**WHAT THE EXERCISE ASKS:** With the images removed, write out every line below exactly.

**DATA PROVIDED:**

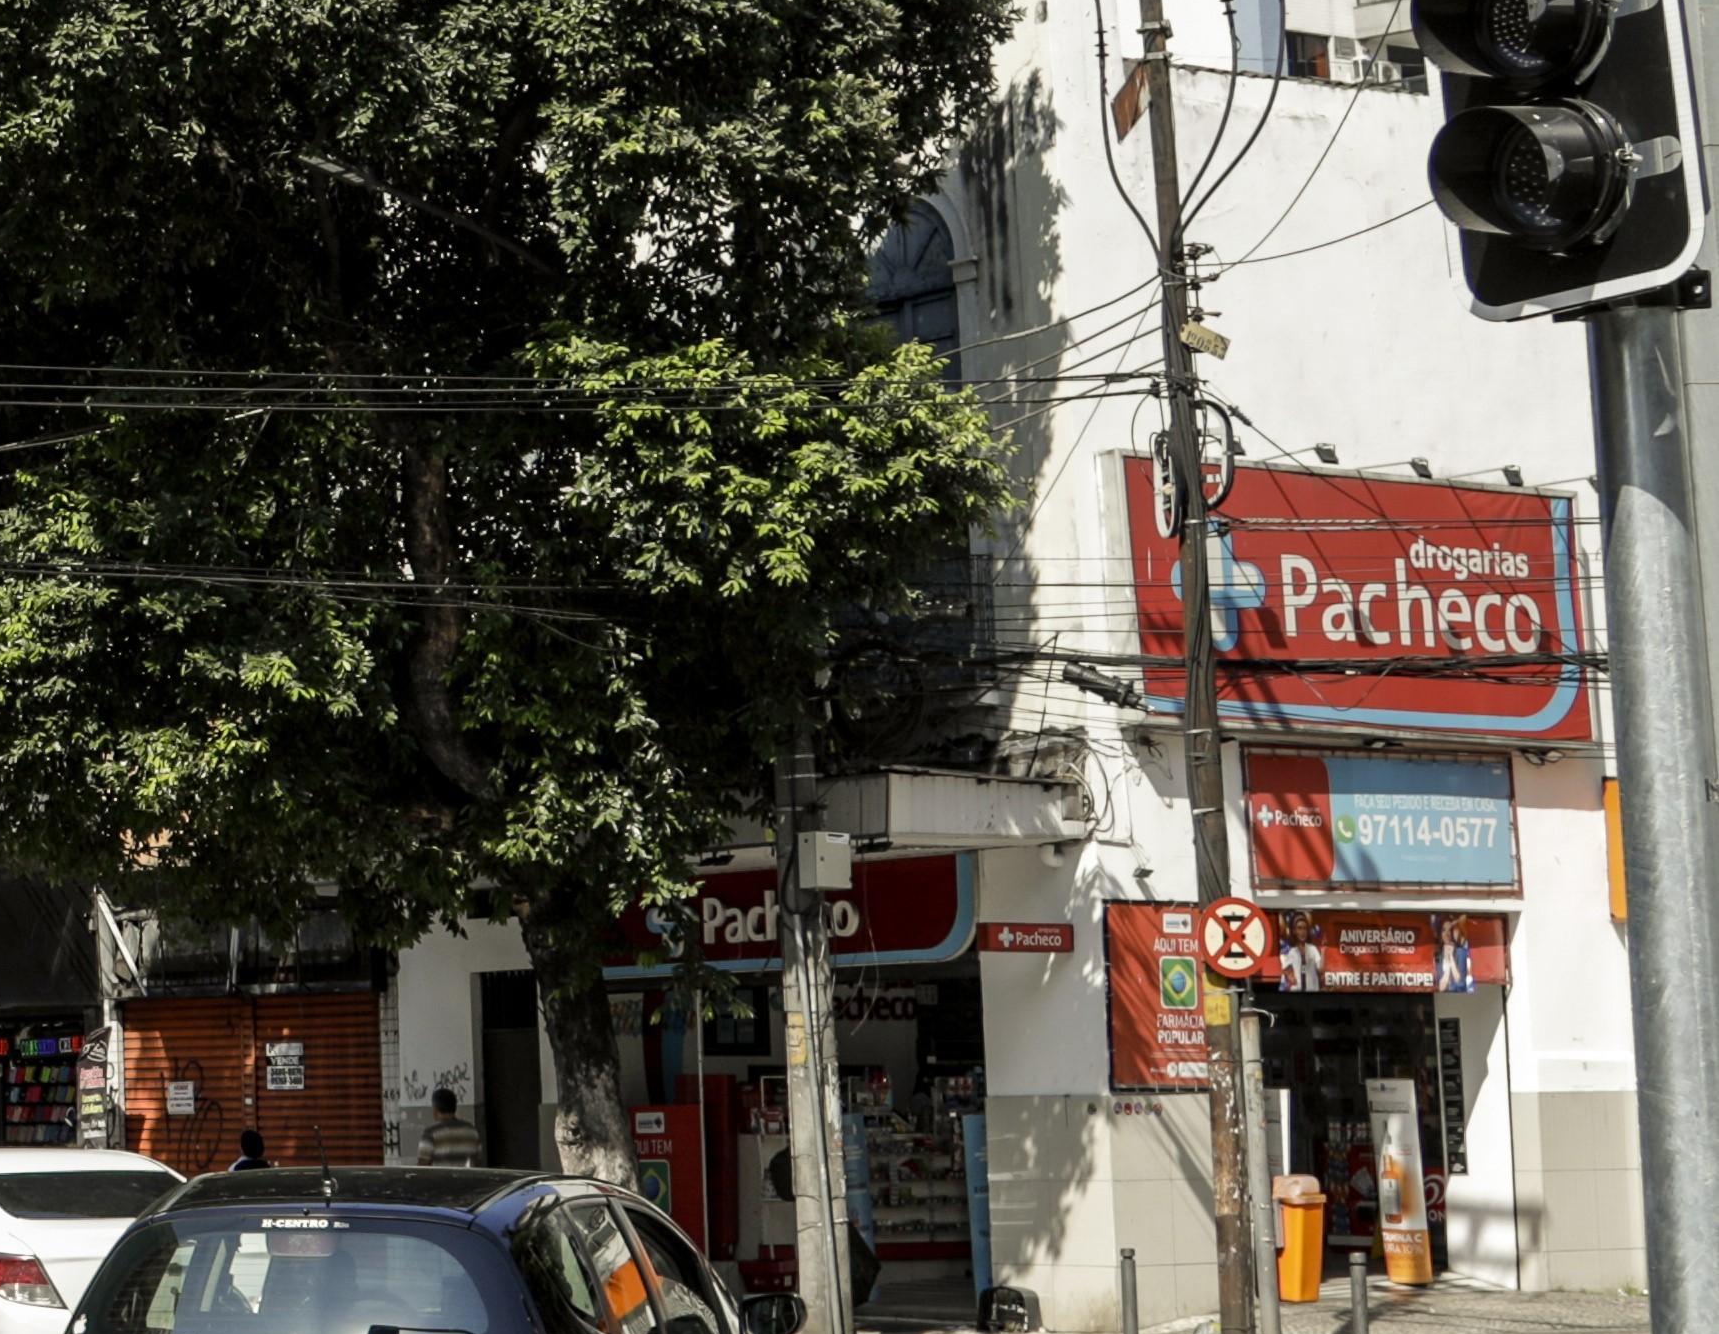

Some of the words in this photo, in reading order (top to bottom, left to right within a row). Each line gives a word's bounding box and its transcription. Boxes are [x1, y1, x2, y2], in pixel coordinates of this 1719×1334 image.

[1410, 535, 1530, 580] drogarias
[1280, 553, 1542, 653] Pacheco
[1392, 795, 1422, 810] PEDIDO
[1431, 796, 1461, 811] RECEBA
[1275, 809, 1322, 827] Pacheco
[1358, 814, 1497, 847] 97114-0577
[702, 890, 859, 945] Pacho
[1016, 931, 1062, 946] Pacheco
[1340, 927, 1415, 944] ANIVERSÁRIO
[1154, 938, 1177, 953] AQUI
[1179, 939, 1199, 953] TEM
[1325, 972, 1361, 986] ENTRE
[1363, 972, 1369, 985] E
[1372, 972, 1434, 987] PARTICIPE!
[833, 988, 919, 1021] acheco
[1157, 1013, 1205, 1028] FARMÁCIA
[1158, 1031, 1205, 1045] POPULAR
[262, 1218, 329, 1229] H-CENTRO
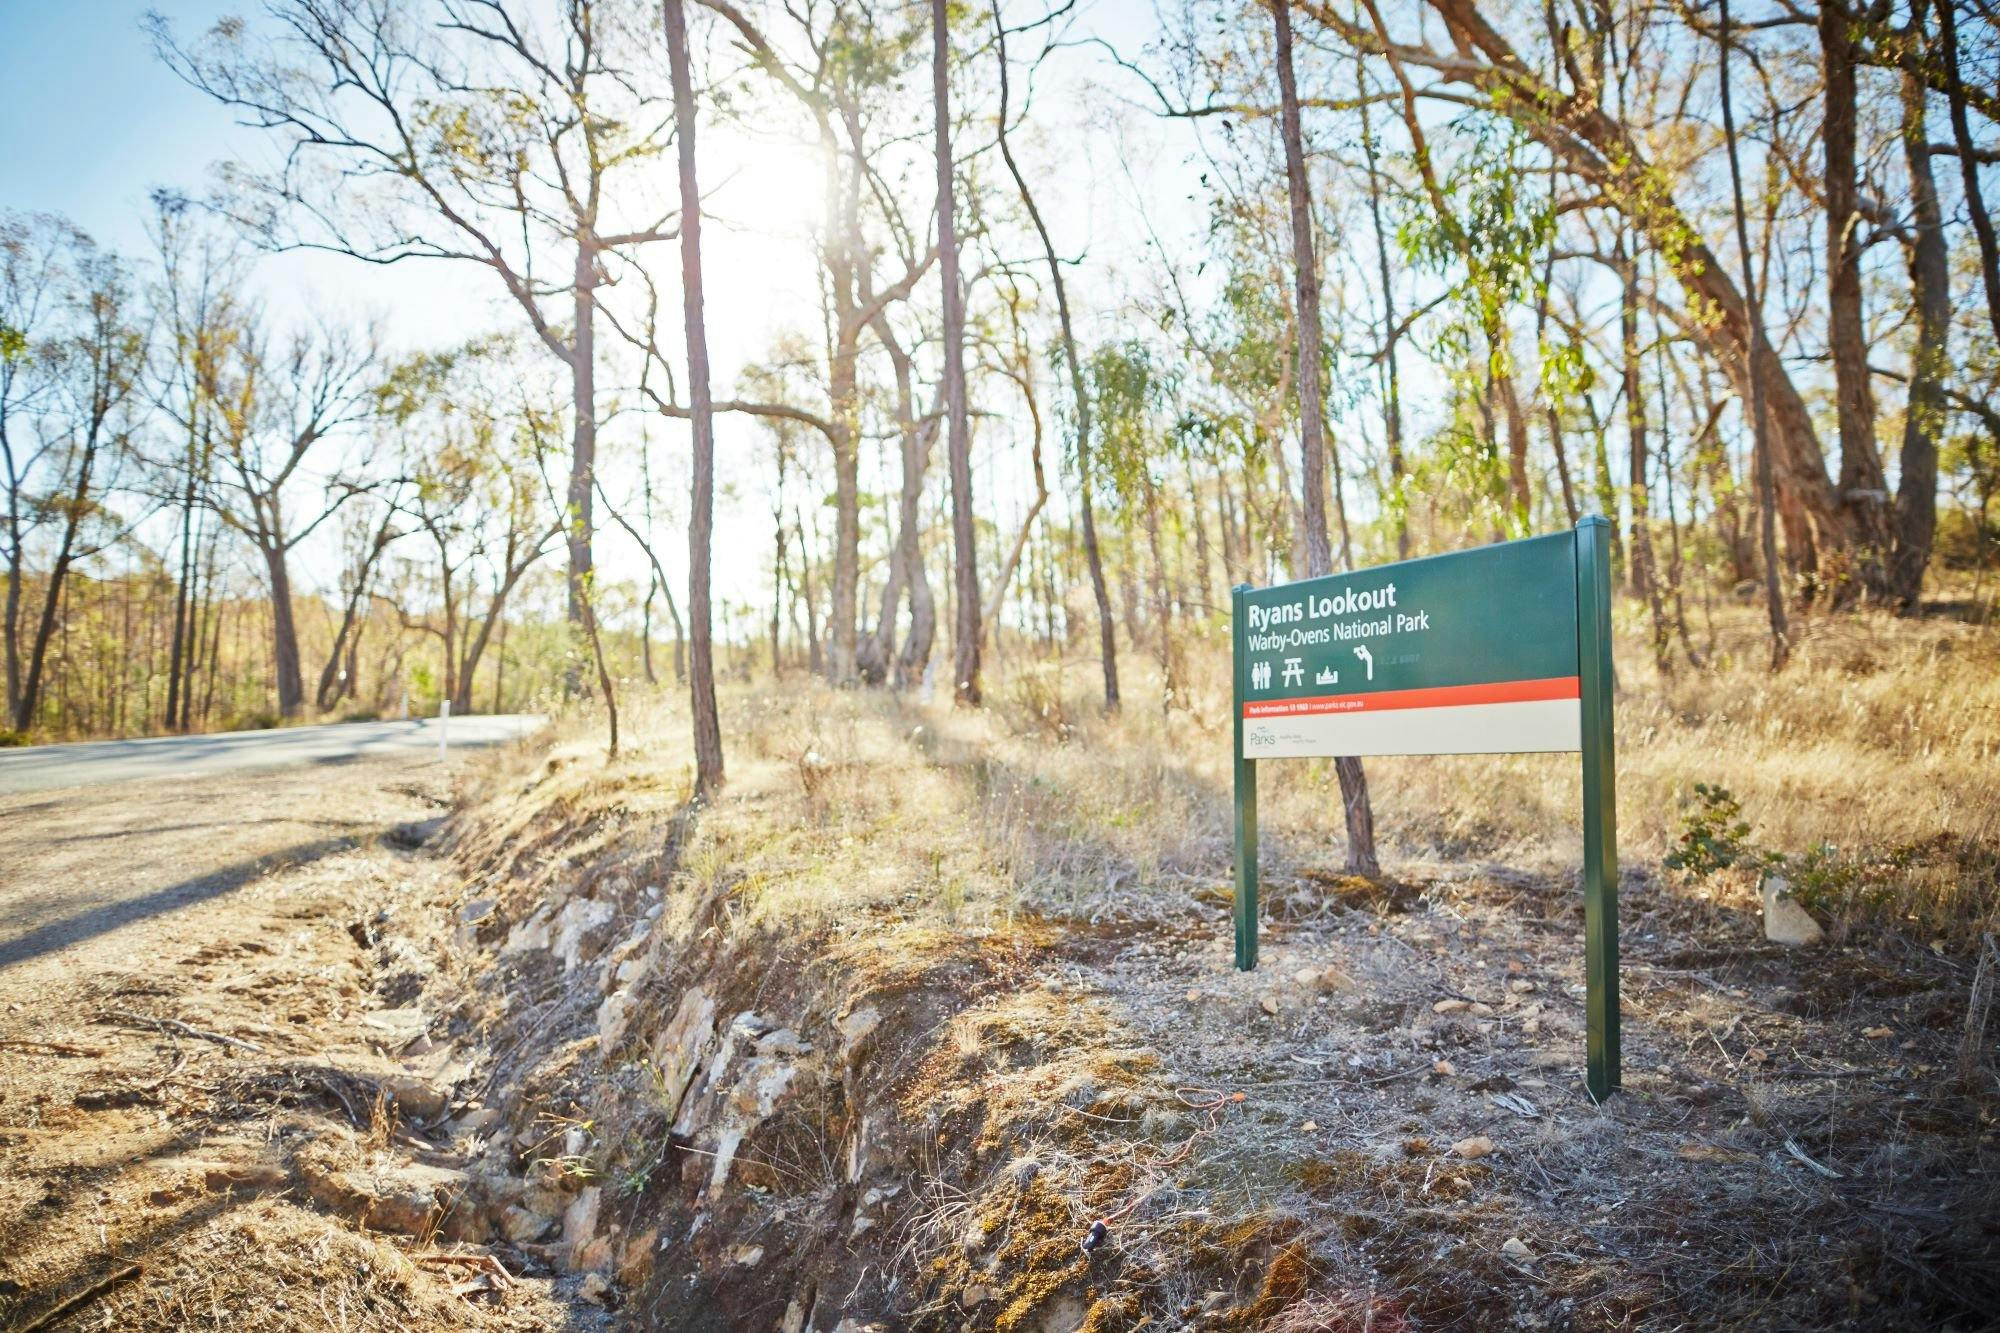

**TASK RESPONSE:**
Some of the words in this photo, in reading order (top to bottom, left to right within a row). Each line gives a word's bounding box and its transcription. Boxes are [x1, y1, x2, y2], in pixel coordinates of this 1719×1334 image.

[1410, 535, 1530, 580] drogarias
[1280, 553, 1542, 653] Pacheco
[1392, 795, 1422, 810] PEDIDO
[1431, 796, 1461, 811] RECEBA
[1275, 809, 1322, 827] Pacheco
[1358, 814, 1497, 847] 97114-0577
[702, 890, 859, 945] Pacho
[1016, 931, 1062, 946] Pacheco
[1340, 927, 1415, 944] ANIVERSÁRIO
[1154, 938, 1177, 953] AQUI
[1179, 939, 1199, 953] TEM
[1325, 972, 1361, 986] ENTRE
[1363, 972, 1369, 985] E
[1372, 972, 1434, 987] PARTICIPE!
[833, 988, 919, 1021] acheco
[1157, 1013, 1205, 1028] FARMÁCIA
[1158, 1031, 1205, 1045] POPULAR
[262, 1218, 329, 1229] H-CENTRO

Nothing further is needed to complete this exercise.